__Task input__.
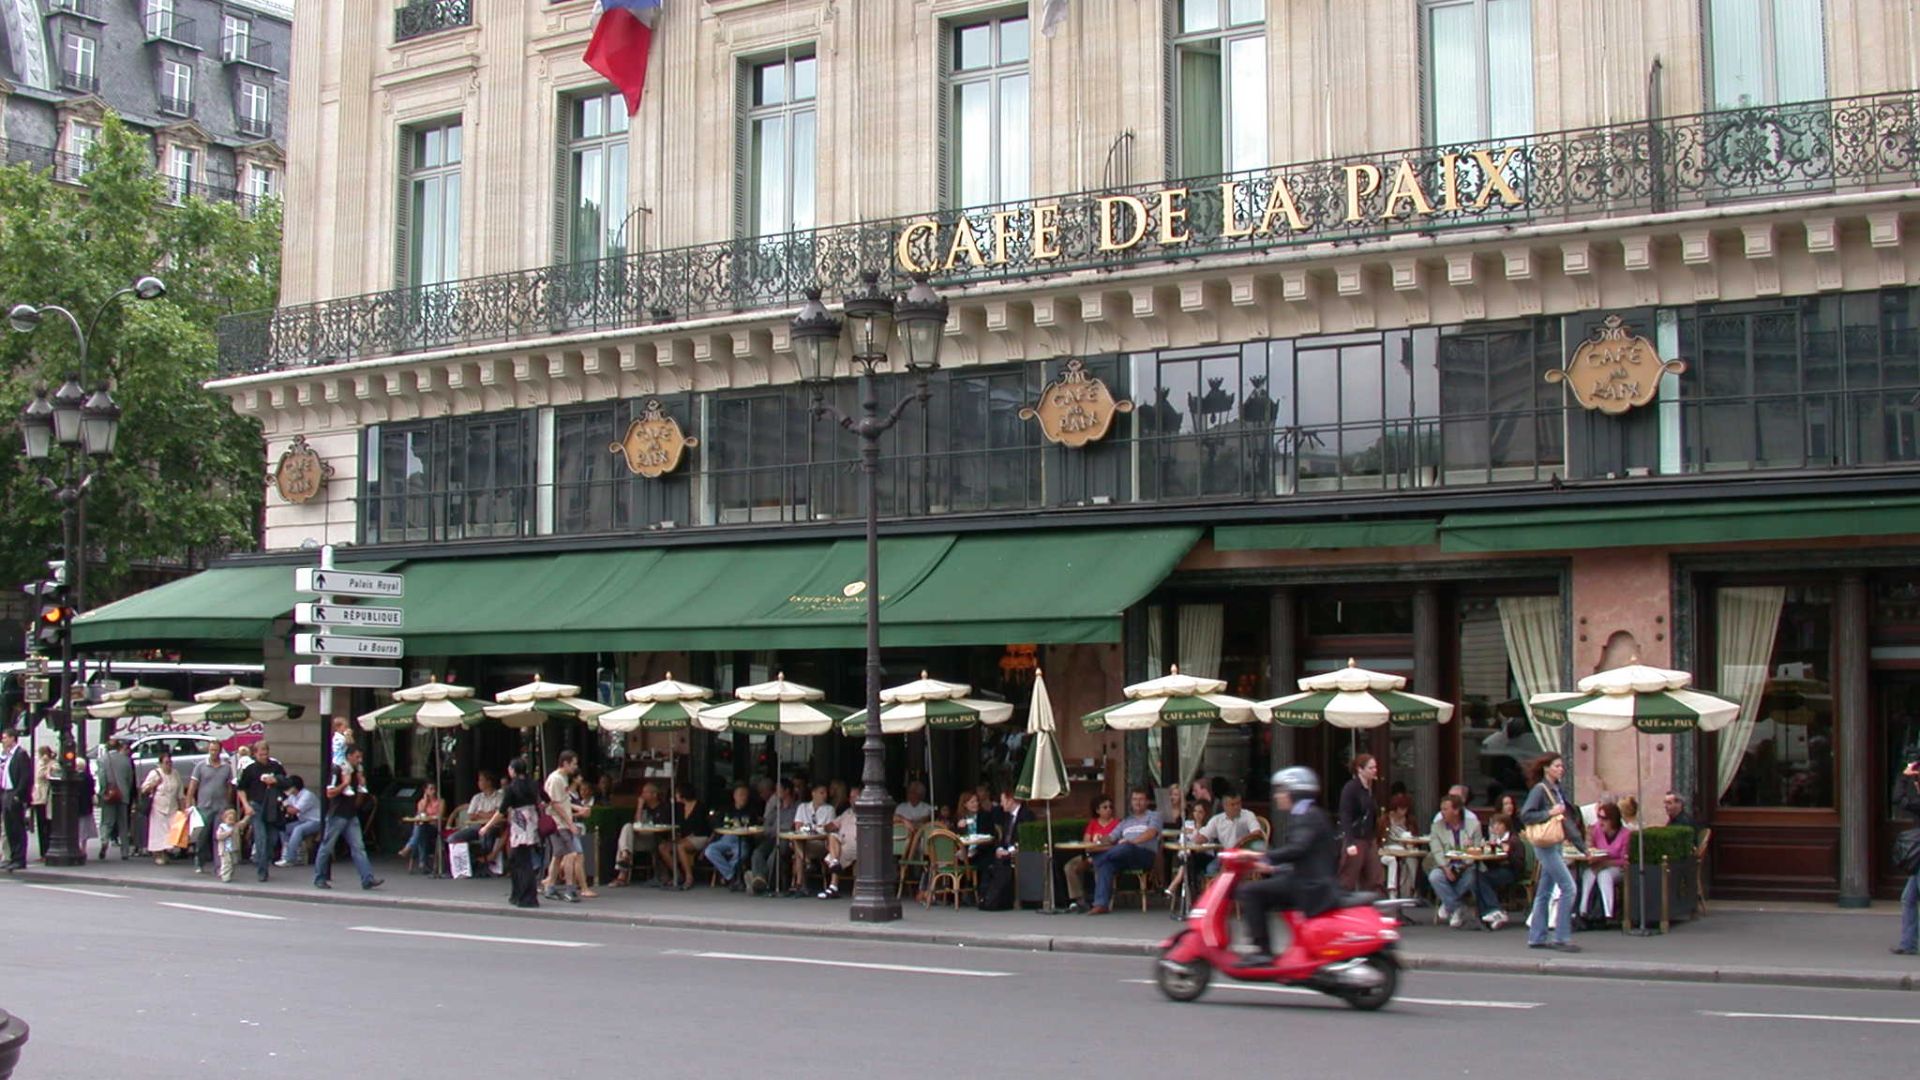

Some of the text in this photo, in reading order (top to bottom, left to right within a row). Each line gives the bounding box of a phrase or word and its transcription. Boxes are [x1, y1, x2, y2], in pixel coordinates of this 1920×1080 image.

[899, 147, 1525, 273] CAFE DE LA PAIX
[349, 578, 400, 592] Palais Royal
[343, 610, 399, 622] RÉPUBLIQUE
[371, 643, 398, 652] Bourse

__Your task__. Pictures stay out; the entries above are to be output exactly as given.

__Result for this task__.
Some of the text in this photo, in reading order (top to bottom, left to right within a row). Each line gives the bounding box of a phrase or word and its transcription. Boxes are [x1, y1, x2, y2], in pixel coordinates of this 1920×1080 image.

[899, 147, 1525, 273] CAFE DE LA PAIX
[349, 578, 400, 592] Palais Royal
[343, 610, 399, 622] RÉPUBLIQUE
[371, 643, 398, 652] Bourse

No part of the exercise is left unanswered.